Ключевые слова: поэтический диалог, парижская нота, эстетические установки, поэтическая рефлексия
The comparison of A.Shtaiger's poems in his resumptive book «2x2=4. Poems of 1926 - 1939» with I.Annensky's lyrics reveals the influence of the «Paris note» aesthetic doctrine, largerly determined by G.Adamovich, on A.Shtaiger. Poetical dialogue with preceding poet allows A.Shtaiger to develop the sense of poetry as a tendency towards ideal and justification the mankind's existence in the universe over this tendency in his poems.
Keywords: poetical dialogue, Paris note, aesthetic orientations, poetical reflection
Анатолия Штейгера (1907 — 1944) называли самым точным выразителем поэзии «парижской ноты», которая по замыслу ее вдохновителя Георгия Адамовича должна была стать продолжением традиций И.Анненского. Как отмечает В.Крейд, «Штейгер сформировался под прямым влиянием Адамовича, в беседах с ним, на его статьях и следовал канонам «парижской ноты», пожалуй, тщательнее, чем сам ее основатель» [1]. Однако это следование «канонам» не было у него механистичным и стало естественной основой его поэтической системы: «Теоретические умствования Адамовича о том, что поэзия должна быть не произведением искусства, а «человеческим документом», Штейгеру удалось превратить в живое слово. В его стихах нет манерности, вычурности — все просто, точно и ясно — так, как того требовал
Адамович. Но еще — в любой миниатюре Штейгера поражает отсутствие надуманности. Боль, грусть, горечь живут в его строках без надрыва, без бравады, без истерики» [2]. Кратко характеризуя его поэзию, Ю.Терапиано писал: «Штейгер сдержан, точен, глубок и правдив. Если говорить о поэтической преемственности, нужно назвать имена поэтов петербургской школы: Иннокентия Анненского, Анны Ахматовой, Георгия Иванова» [3].
При жизни Штейгер опубликовал три поэтических книги — «Этот день» (1928), «Эта жизнь» (1932) и «Неблагодарность» (1936). Незадолго до смерти им был подготовлен сборник «2*2 = 4. Стихи 1926 — 1939», в который вошли избранные стихотворения из трех предыдущих книг и новые, написанные с 1926 по 1939 гг.
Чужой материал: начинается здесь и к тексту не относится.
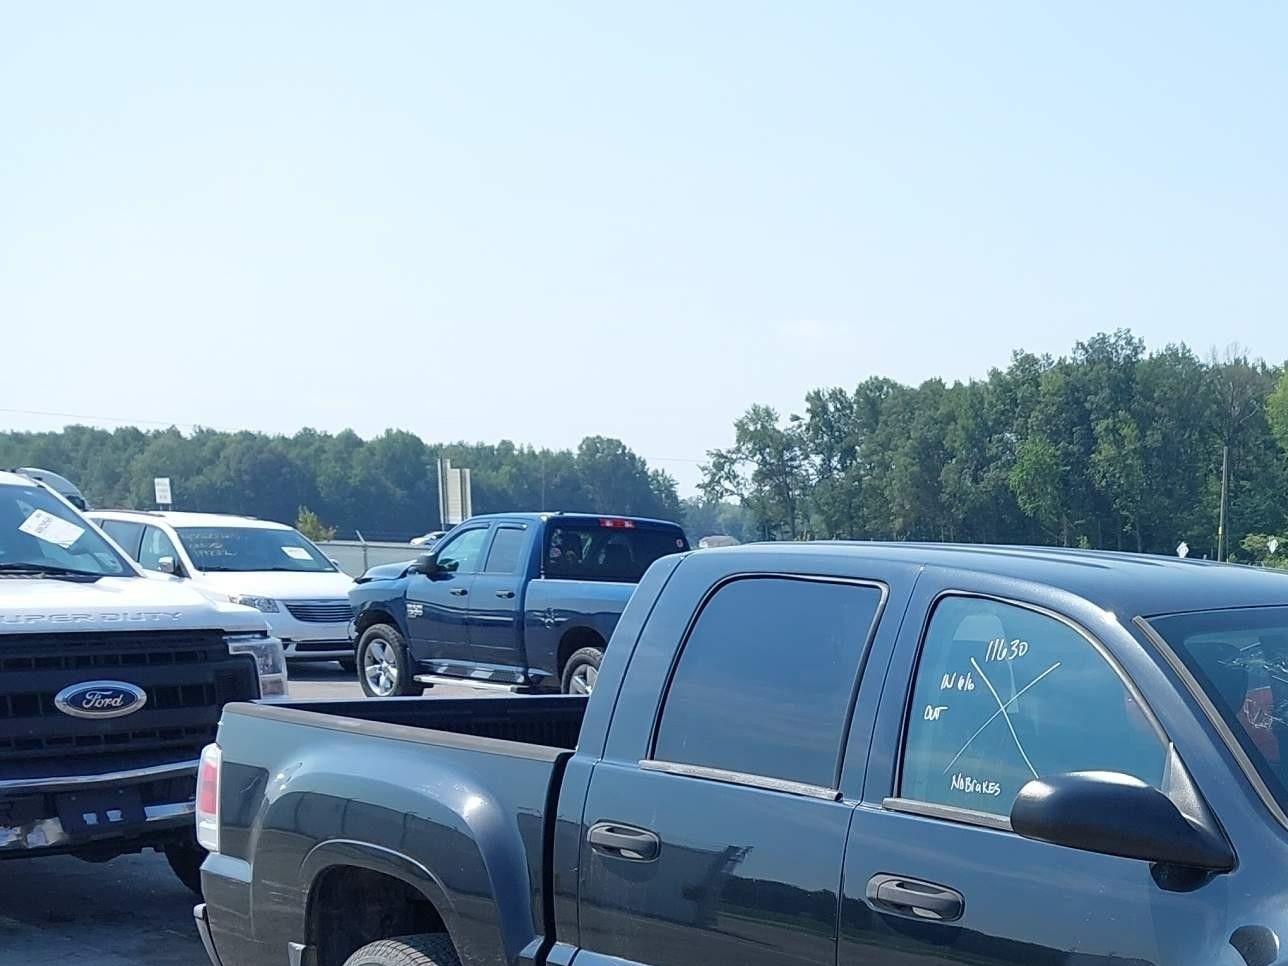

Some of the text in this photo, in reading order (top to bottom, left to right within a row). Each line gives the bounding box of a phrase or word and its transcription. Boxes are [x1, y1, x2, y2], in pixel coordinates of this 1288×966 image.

[0, 611, 184, 625] UPER DUTY
[985, 638, 1029, 662] 11630
[82, 690, 124, 709] Ford
[924, 705, 949, 721] OUT
Книга увидела свет уже после смерти ав-
тора и стала своеобразным творческим итогом, поэтому представляется целесообразным рассмотреть поэтический диалог А.Штейгера с И.Анненским в пределах этой поэтической книги. Само название книги, как указывает А.Кузнецова, «отсылает к не-декларируемому поэтами «парижской ноты» тезису о том, что поэзия сродни точным наукам, и свобода ей нужна как инструмент. Эта свобода есть отказ от какого бы то ни было целеполагания («просто так» — любимое выражение Г.Адамовича), она открывает путь объективной поэтической истине» [4]. Стремление же к поэтической объективной истине можно по праву назвать центром поэзии Анненского. Н.Гумилев подчеркивал, что у Анненского «не чувство рождает мысль, как это вообще бывает у поэтов, а сама мысль крепнет настолько, что становится чувством, живым до боли даже» [5]. Можно даже говорить о том, что «парижская нота» в целом восприняла от Анненского стремление к осознанию чувств, их прояснение силой мысли, от чего они не слабнут, а обретают в их лирике особенную силу.
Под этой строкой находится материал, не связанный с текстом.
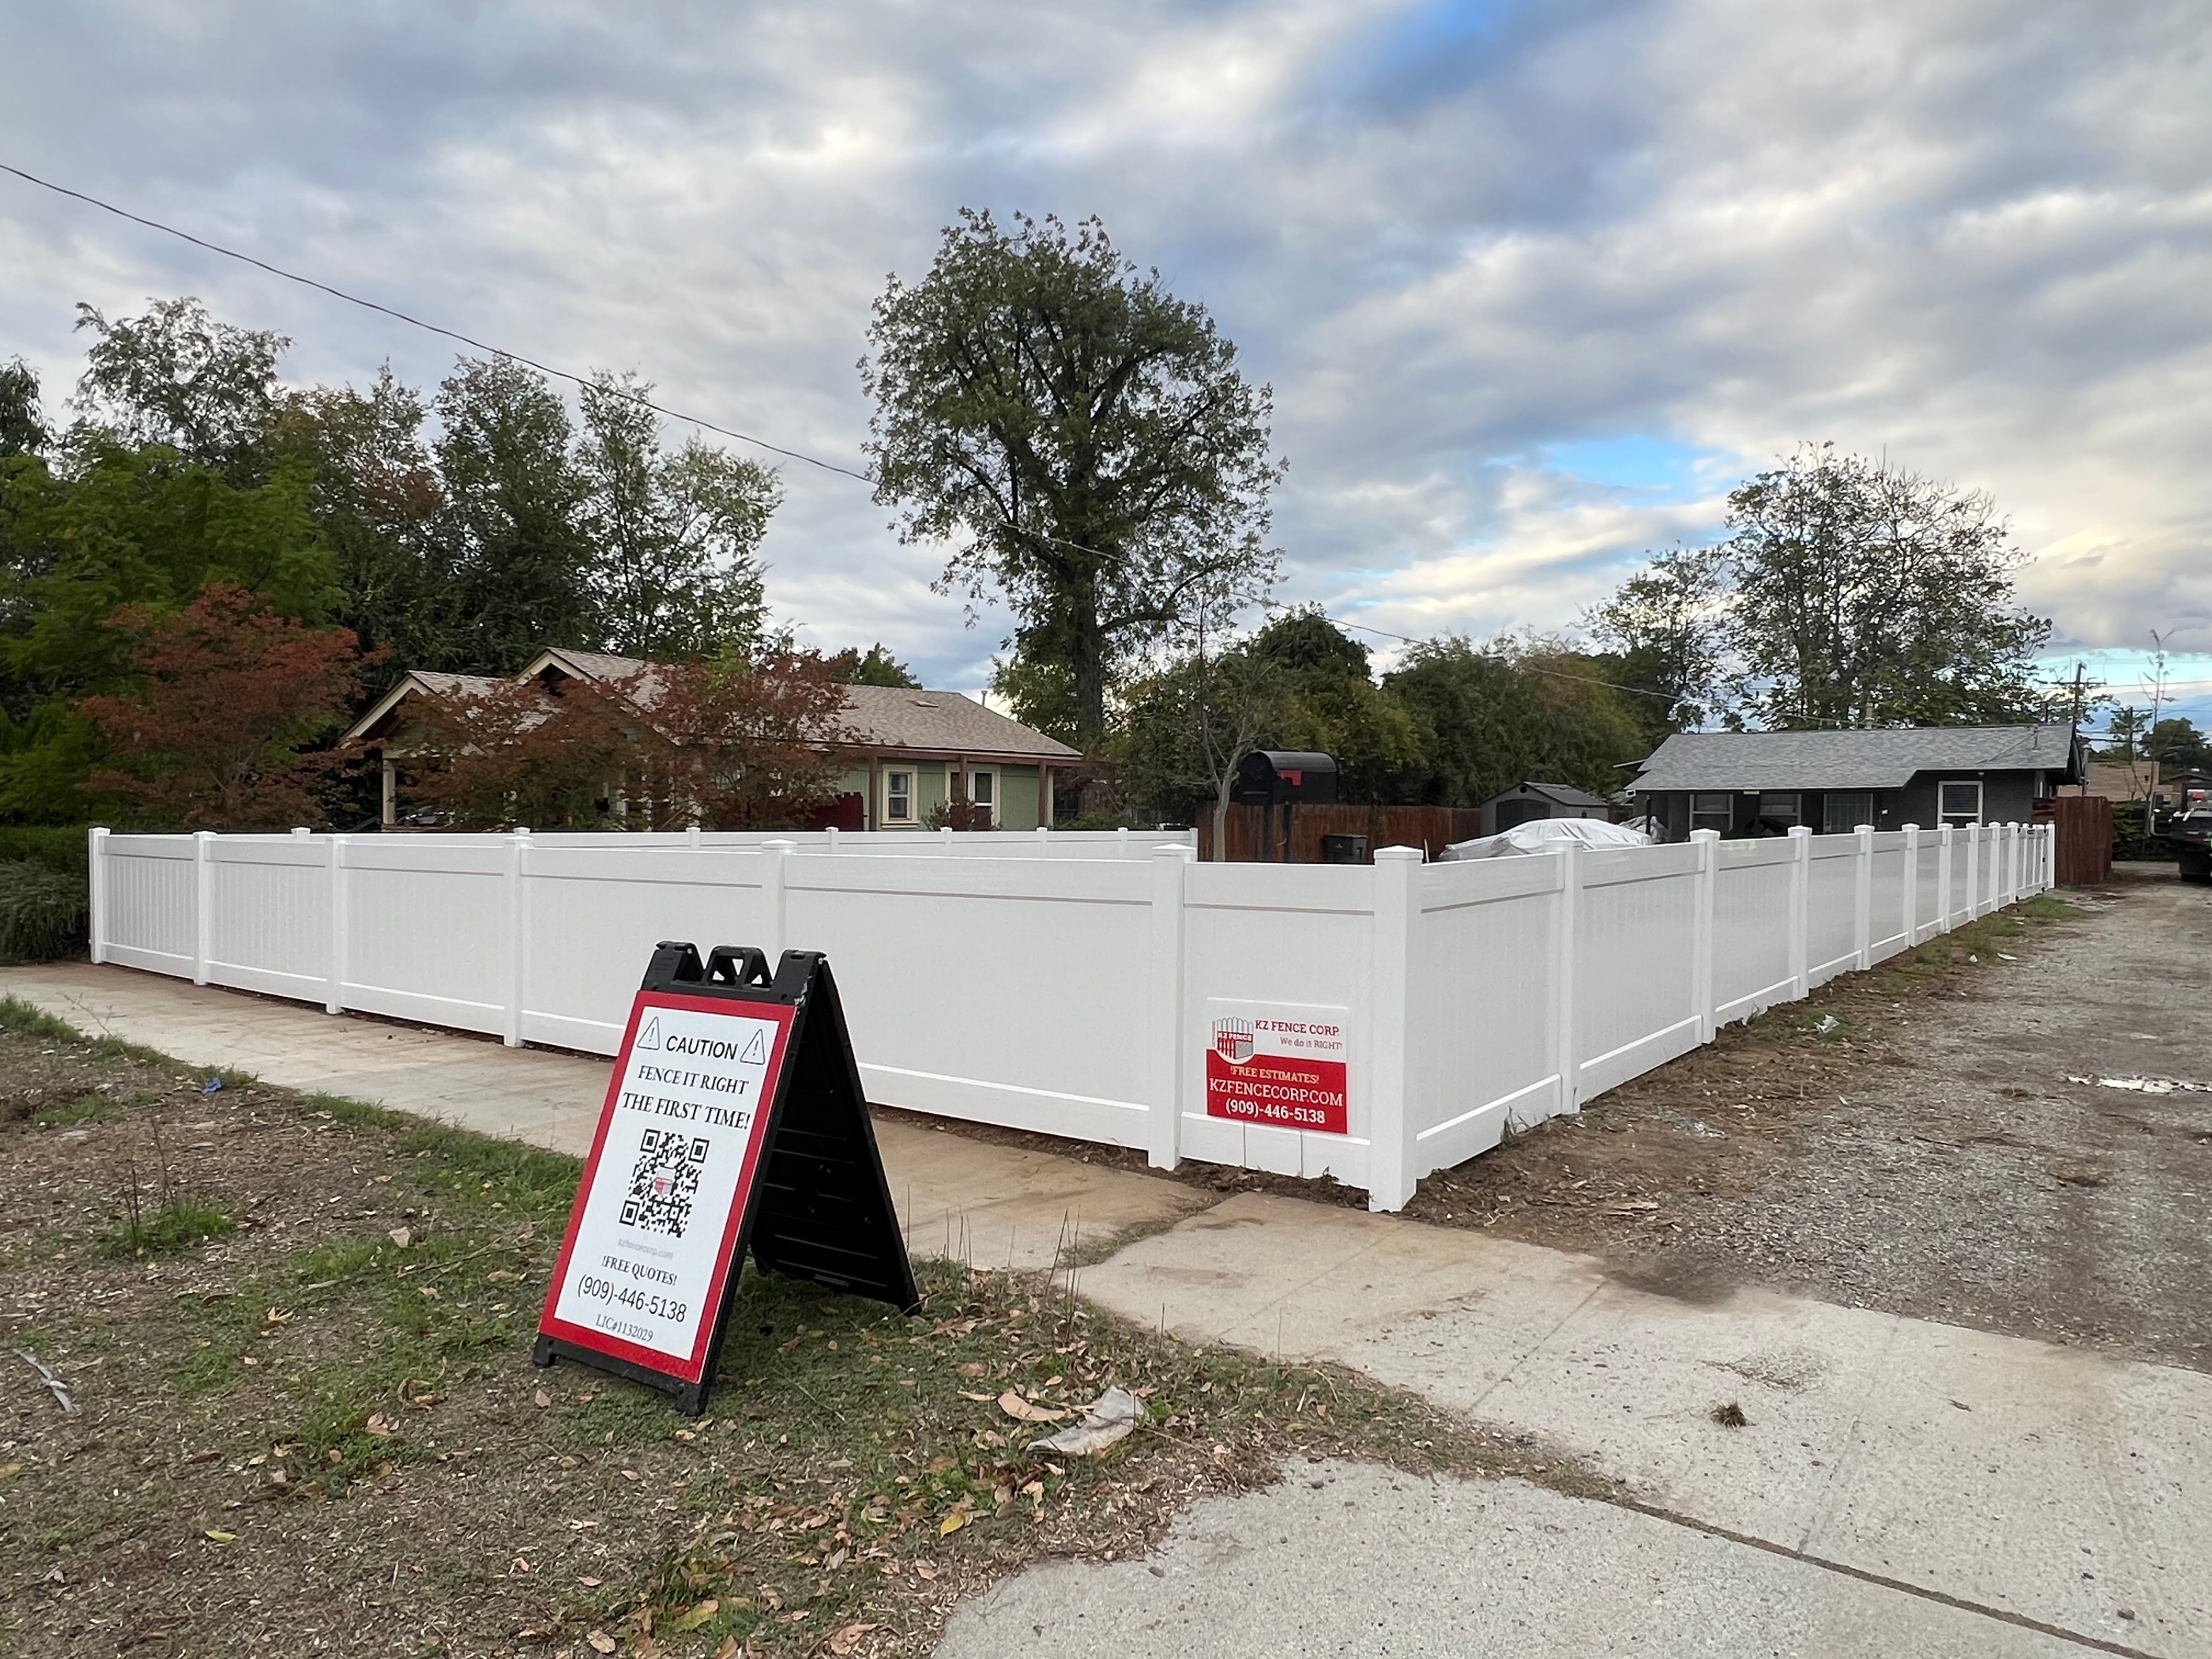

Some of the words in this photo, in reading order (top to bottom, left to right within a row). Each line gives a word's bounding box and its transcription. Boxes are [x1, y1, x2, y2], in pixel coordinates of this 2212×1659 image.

[1255, 1019, 1268, 1030] KZ
[1271, 1021, 1307, 1034] FENCE
[666, 1035, 738, 1060] CAUTION
[1280, 1037, 1293, 1046] We
[1294, 1038, 1304, 1047] do
[637, 1065, 681, 1084] FENCE
[682, 1071, 699, 1087] IT
[700, 1074, 749, 1095] RIGHT
[1209, 1077, 1343, 1107] KZFENCECORP.COM
[622, 1092, 654, 1113] THE
[654, 1098, 702, 1120] FIRST
[704, 1105, 751, 1130] TIME!
[1225, 1098, 1326, 1124] (909)-446-5138
[601, 1255, 631, 1273] !FREE
[631, 1263, 678, 1286] QUOTES!
[578, 1273, 687, 1322] (909)-446-5138
[595, 1313, 654, 1342] LIC#1132029
Уже второе стихотворение книги «2*2 = 4» «Никто, как в детстве, нас не ждет внизу...» сопровождается эпиграфом из стихотворения Анненского «Палимая огнем недвижного светила.», входящего в микроцикл «Июль» лирической книги «Тихие песни» (1904): «Подумай, на руках у матерей / Всё это были розовые дети».
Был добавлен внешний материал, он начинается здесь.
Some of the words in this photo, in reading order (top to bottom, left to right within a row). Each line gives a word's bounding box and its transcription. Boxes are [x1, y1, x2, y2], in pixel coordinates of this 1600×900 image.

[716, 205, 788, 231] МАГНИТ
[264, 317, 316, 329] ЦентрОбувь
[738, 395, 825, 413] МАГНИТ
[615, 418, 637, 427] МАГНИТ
В основе стихотворения Анненского оказываются ассоциативные ряды, заставляющие вспомнить один из элементов похоронного обряда — погребение. Так, в первой строфе появляется образ спящих грабаров (землекопов) после тяжелого дня: Палимая огнем недвижного светила, Проклятый свой урок отлязгала кирьга И спящих грабаров с землею сколотила, Как ливень черные осенние стога [6]. Однако вполне бытовая зарисовка начинает просвечивать иными смыслами. Так, кирьга (кирка) изображена не столько как орудие труда, сколько как некая роковая сила, насильно соединяющая (сколачивающая) спящих грабаров с землей. Ощущение смерти усиливается и образом палящего и мертвого светила, и работы как проклятого урока. Более того, грабары не просто представлены спящими — они сравниваются с черными осенними стогами, прибитыми к земле ливнями. Все вместе создает неназванный образ могилы. Во второй строфе образ спящих грабаров снова становится источником ассоциаций, отсылающих к похоронному обряду. Они вызывают в сознании образ толпы, собравшейся на похоронах, и еще не опущенного в могилу тела умершего: «И абрис ног худых меж чадного смешенья / Всклокоченных бород и рваных картузов». Предыдущие два стиха усиливают эти ассоциации, поскольку в них изображается некая надчеловеческая роковая сила, ощущающаяся в стихотворении как зов смерти: «Каких-то диких сил последнее решенье, / Луча отвесного неслышный людям зов». За счет этого мотива зова смерти намеченное разделение на живых и мертвых размывается. Наконец, в третьей строфе эти ассоциативные ряды позволяют оформиться осознанному состоянию ужаса лирического «я»:
Не страшно ль иногда становится на свете? Не хочется ль бежать, укрыться поскорей? Подумай: на руках у матерей Всё это были розовые дети. С одной стороны, призыв автора вспомнить о том, что когда-то все были «розовыми детьми» на руках у матерей относится к толпе, собравшейся на похоронах, с другой, — к самому покойному и всем, кто уже похоронен. Таким образом, это сравнение актуализирует псевдооппозицию, между которой разрывается человеческое «я»: «ужас жизни» и «ужас смерти».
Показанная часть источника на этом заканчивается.